Moody, Standard and Poor received generally favorable reviews from critics. At Metacritic, which assigns a weighted average score out of 100 to reviews from mainstream critics, it received an average score of 73% based on 15 reviews. Mark Deming of Allmusic remarked that the album "suggests that they still haven't resolved the minor flaws that dogged I Blame You, but this time around that seems to matter less ... The best songs on Moody, Standard and Poor are the ones that let the Obits indulge in the interplay that's their musical reason to be, and when they lock in on 'You Gotta Lose,' 'I Want Results,' 'Beggin' Dogs,' and 'New August,' they sound like the first really great guitar band to emerge from the indie underground in years." Jonah Bayer of Alternative Press said that "With their second full-length, these Drive Like Jehu and Hot Snakes alumni have peeled back the distorted layers to get to what lies at their core: seasoned songwriting." David Pott-Negrine of Drowned in Sound praised the timeless sound of the album: "Moody, Standard and Poor somehow manages to sound both old and new, like finding out a lost classic is actually a hot new band.

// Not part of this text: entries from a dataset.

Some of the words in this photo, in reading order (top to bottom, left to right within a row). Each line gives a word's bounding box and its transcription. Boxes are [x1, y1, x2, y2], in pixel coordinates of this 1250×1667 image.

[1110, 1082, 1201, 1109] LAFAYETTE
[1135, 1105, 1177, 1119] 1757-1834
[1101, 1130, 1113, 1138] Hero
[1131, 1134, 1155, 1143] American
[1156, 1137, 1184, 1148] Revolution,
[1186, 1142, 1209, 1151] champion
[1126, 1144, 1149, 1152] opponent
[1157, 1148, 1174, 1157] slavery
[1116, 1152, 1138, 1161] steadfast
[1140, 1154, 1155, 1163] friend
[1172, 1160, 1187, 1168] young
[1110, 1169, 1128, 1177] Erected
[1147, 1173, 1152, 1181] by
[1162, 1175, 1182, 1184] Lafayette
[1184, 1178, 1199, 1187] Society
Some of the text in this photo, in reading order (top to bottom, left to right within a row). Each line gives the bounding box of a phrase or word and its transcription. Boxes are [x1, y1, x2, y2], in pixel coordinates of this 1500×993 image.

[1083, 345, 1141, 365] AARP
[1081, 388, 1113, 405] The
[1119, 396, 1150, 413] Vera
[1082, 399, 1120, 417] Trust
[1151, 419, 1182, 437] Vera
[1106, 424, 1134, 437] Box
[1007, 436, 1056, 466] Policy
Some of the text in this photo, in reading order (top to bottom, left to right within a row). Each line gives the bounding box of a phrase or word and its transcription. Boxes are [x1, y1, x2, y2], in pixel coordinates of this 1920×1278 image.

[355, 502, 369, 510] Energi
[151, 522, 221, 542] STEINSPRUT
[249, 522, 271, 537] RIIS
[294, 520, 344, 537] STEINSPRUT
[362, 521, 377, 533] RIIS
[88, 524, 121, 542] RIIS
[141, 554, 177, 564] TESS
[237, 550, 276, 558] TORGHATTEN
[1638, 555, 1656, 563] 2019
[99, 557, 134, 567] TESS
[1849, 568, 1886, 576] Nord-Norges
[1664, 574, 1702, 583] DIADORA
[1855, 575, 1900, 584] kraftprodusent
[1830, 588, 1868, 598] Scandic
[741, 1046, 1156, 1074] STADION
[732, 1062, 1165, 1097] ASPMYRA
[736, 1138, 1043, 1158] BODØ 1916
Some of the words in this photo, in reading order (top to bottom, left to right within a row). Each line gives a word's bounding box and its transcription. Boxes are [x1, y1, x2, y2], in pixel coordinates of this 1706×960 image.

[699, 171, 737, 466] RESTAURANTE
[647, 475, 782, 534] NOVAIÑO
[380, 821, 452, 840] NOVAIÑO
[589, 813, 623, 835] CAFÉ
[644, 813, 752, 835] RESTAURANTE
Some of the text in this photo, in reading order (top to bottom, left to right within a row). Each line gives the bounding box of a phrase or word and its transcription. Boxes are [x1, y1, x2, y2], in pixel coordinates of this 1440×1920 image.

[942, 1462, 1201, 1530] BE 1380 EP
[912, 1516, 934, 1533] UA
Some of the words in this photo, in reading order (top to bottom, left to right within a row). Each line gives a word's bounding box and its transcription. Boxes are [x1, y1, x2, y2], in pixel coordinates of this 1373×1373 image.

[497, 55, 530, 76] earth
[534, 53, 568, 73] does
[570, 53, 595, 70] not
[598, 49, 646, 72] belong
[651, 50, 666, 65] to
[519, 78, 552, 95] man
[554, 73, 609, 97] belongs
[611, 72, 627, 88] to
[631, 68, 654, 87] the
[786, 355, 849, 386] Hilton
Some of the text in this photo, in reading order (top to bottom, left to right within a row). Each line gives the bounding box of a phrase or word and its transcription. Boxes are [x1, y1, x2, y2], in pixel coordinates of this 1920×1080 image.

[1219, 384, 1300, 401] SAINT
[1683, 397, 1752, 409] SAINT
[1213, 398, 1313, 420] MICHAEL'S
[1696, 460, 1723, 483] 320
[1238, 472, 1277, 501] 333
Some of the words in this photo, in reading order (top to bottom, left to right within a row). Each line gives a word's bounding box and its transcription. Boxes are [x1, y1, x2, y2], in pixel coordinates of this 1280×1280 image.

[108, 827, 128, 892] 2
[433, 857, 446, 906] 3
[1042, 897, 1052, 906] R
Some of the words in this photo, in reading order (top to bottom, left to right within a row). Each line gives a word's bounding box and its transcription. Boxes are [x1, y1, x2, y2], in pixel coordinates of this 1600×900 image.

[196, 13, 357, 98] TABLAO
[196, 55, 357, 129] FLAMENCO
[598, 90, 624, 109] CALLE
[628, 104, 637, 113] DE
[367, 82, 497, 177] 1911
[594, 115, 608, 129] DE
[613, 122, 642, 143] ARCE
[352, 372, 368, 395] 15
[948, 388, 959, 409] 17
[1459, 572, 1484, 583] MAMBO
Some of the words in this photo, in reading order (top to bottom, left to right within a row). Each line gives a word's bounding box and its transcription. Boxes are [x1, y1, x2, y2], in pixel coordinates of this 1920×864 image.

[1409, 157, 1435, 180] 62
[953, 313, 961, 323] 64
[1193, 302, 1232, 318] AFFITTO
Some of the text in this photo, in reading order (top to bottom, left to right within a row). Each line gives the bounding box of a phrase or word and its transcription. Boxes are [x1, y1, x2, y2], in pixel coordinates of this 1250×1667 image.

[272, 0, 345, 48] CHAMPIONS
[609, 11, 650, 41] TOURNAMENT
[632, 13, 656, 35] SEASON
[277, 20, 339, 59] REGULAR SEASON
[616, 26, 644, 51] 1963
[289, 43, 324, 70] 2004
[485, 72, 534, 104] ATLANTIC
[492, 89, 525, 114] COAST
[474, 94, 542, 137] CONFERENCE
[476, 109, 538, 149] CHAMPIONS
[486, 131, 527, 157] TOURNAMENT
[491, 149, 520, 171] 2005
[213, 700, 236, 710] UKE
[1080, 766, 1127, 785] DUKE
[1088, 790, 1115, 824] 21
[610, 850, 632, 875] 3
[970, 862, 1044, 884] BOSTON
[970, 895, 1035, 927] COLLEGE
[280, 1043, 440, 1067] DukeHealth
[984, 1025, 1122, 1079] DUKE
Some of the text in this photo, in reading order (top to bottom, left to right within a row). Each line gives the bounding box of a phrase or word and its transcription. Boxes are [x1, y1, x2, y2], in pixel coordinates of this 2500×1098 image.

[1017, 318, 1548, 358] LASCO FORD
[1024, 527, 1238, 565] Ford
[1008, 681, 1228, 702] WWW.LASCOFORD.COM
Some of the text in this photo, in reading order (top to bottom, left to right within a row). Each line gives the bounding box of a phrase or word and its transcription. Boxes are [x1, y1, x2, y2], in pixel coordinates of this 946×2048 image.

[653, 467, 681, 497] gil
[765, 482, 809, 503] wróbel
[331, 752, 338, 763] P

Realistically, it could have been written and released at any point in the last 50 years."

Several critics complemented the sense of sonic space portrayed on the album. Bayer commented that "While Moody, Standard and Poor features everything from surf-inflected rockers ('Everything Looks Better in the Sun') to post-everything spaghetti Westerns ('New August'), the real brilliance lies in the sonic subtleties. It's all about perfect guitar tones, what frontman Rick Froberg doesn't say and the space Obits give their songs to breathe—even though it's evident it's not for lack of technical ability." "There’s a lot of space", remarked Pott-Negrine, "The songs are allowed to breathe. Nothing is hectic or in your face, or trying to grab your attention. There's no yelling. There's barely any distortion. A second listen reveals that there is something going on here; that there’s something bubbling under the surface, working its way under your skin."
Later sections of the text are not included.